Prescribing the wrong Rx for you occurs throughout healthcare - it is not limited to Medicare. Most health plans require doctors i to use the "fail first" approach, also known as step therapy. When starting treatment, the treating physician can only prescribe the most "cost-effective, medically sound" medication. "Cost-effective" means cheapest drug for the health plan. "Medically sound" means lowest risk of side effects, which often means the drug is the least likely to be effective. After the first drug fails to help the patient, the doctor is then allowed to take the next step with a second drug also chosen by the health plan. Eventually, when all the cheap alternatives fail, the doctor may be allowed to special order the right drug. The bottom line is, again, someone other than your physician, in this instance an insurance actuary, choses your medications.

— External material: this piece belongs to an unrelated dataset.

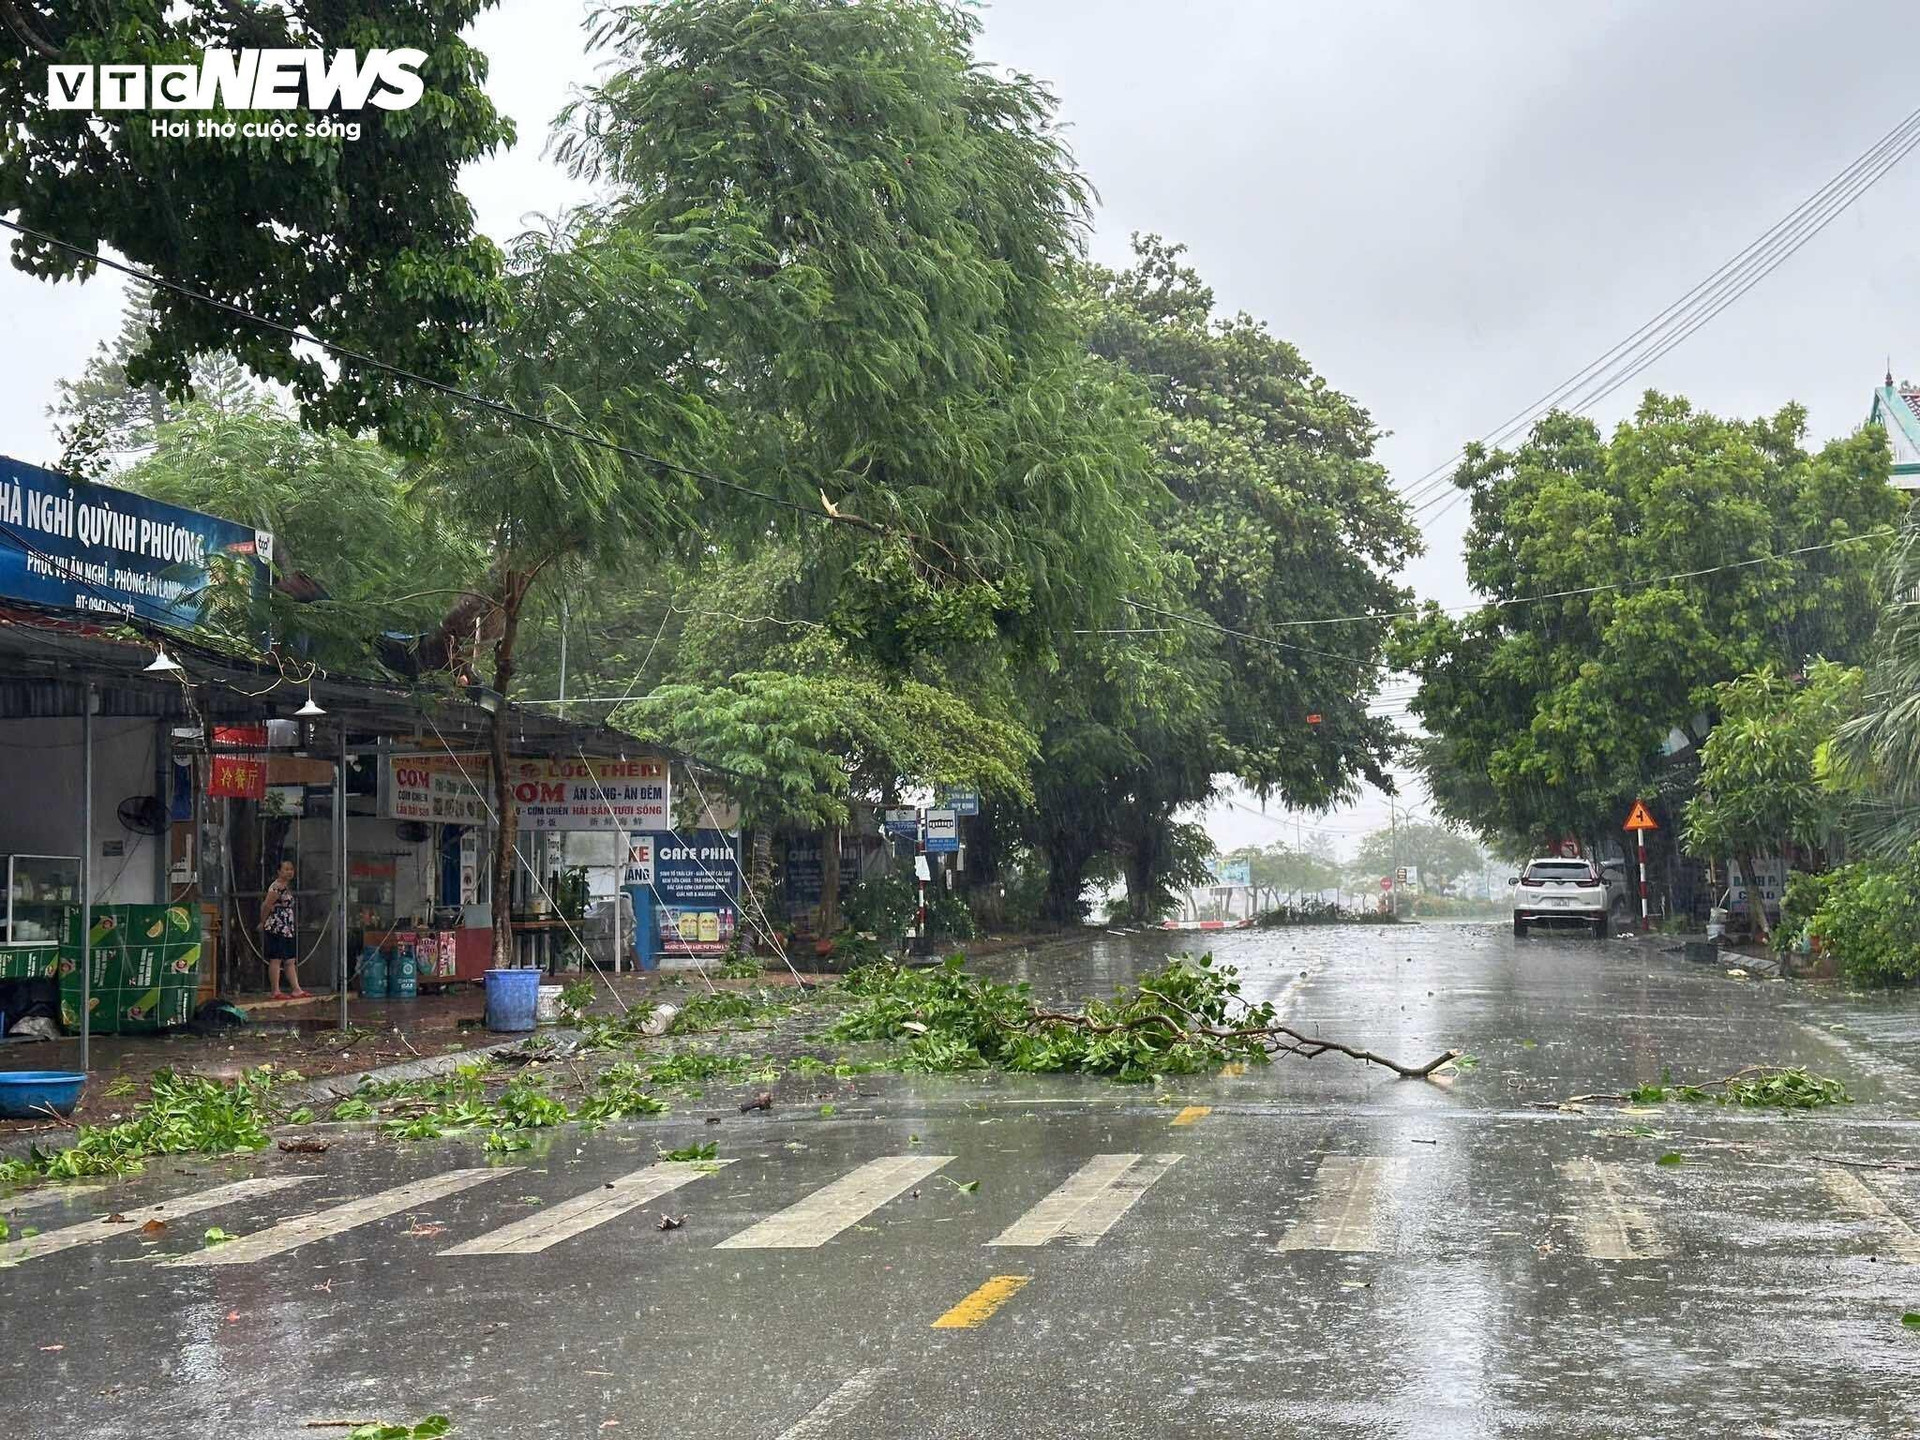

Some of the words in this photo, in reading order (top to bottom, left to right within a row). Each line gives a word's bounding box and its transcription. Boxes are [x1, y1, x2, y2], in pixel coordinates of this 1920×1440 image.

Doctors no longer take a small white pad out of a lab coat pocket to hand-write a prescription. Instead, today they order medications electronically through computer programs known as pharmacy benefits managers. A pharmacy benefit management program will list what drugs are allowed. If the one you need is listed, great! If not, too bad. In this case, a computer program created by an unnecessary middleman - not your doctor - decided what medication you get.
Whether it is a faceless insurance actuary, an anonymous government bureaucrat, or a soulless prescription benefit manager (PBM) program, the prescriber is not your doctor, does not know you or your medical history, doesn't care and will not be held responsible for what happens to you. The primary concern of PBMs is to "to reduce the cost of drugs" for the insurance company, not for you, the consumer, patient, and ultimate payer.
So why did you get the wrong Rx? Because neither you nor your doctor is in charge. The federal bureaucracy and insurance companies are. And when you wonder why the cost of drugs is out of reach, look no further than 1717 Pennsylvania Avenue in Washington, home of the Food and Drug Administration (FDA). This massive federal agency protects monopolies such as Mylan's with its EpiPen, suppresses market forces, and adds $1 billion to $2.6 billion to the prices we must pay for our meds.
The solution is straightforward, albeit politically unacceptable to the Beltway. Stop Washington's insurance mandates and repeal FDA rules, and return control of insurance payments to the ratepayers, i.e., you.
It's time to return decision-making authority where it rightfully belongs: with you and your doctor.